Cassandra is used to primarily store Topology Management resources, as well as incoming metric and alert data. By default, 50 GB is allocated for each of the 3 Cassandra instances (PVCs). This default configuration is targeted for environments with less than 500,000 topology resources to provide ample storage for topology resources, metric data (120K metrics per 5 minute KPI window), and Cassandra's internal data management activities. For environments with larger topology resource requirements, an additional 70 GB is recommended for each additional 1M topology resources, and an additional 15 GB for each additional 100K metrics per 5 minute KPI window for Metric storage.

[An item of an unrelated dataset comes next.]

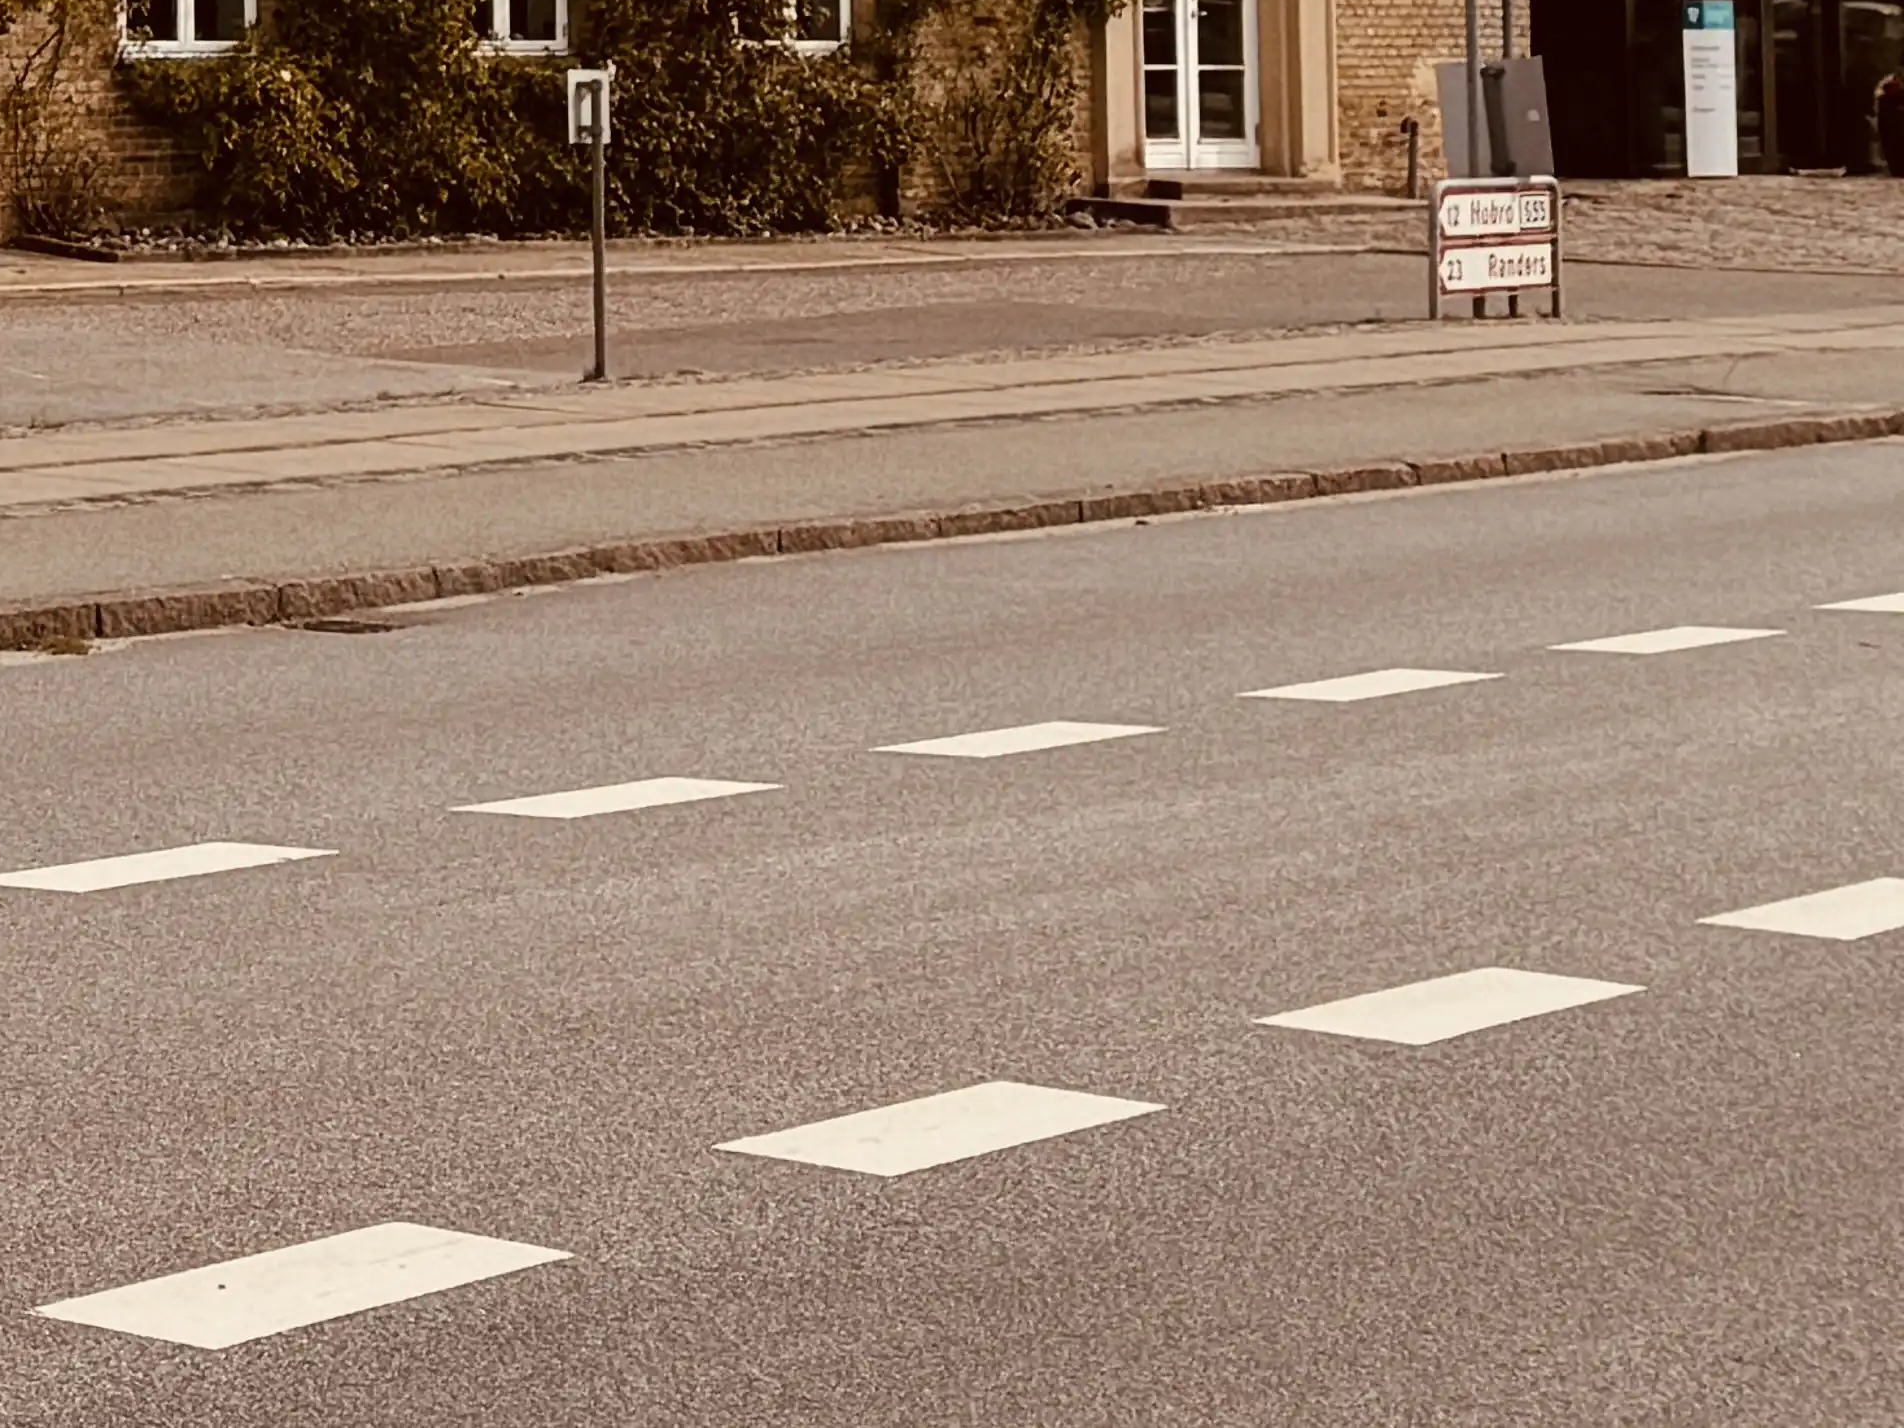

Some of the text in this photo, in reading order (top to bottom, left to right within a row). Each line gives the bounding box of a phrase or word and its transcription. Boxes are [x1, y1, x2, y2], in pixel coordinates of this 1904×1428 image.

[1470, 199, 1513, 226] Hobro
[1447, 253, 1546, 281] 23 Randers

In comparison to a default production environment, a larger environment requires additional storage. For example:

Example 1: An environment with 1.5M topology resources, and 120,000 metrics per 5 minute KPI window would require an additional 70 GB of storage for topology resources, no additional storage for metric processing, for a total of 120 GB required per Cassandra storage PVC.

Example 2: An environment with 3M topology resources, and 1.2M metrics per 5 minute KPI window would require an additional 210 GB for Topology storage and an additional 135 GB for Metric storage should be allocated to raise the total Cassandra allocation (per PVC) from the default of 50 GB to 395 GB of storage per Cassandra storage PVC.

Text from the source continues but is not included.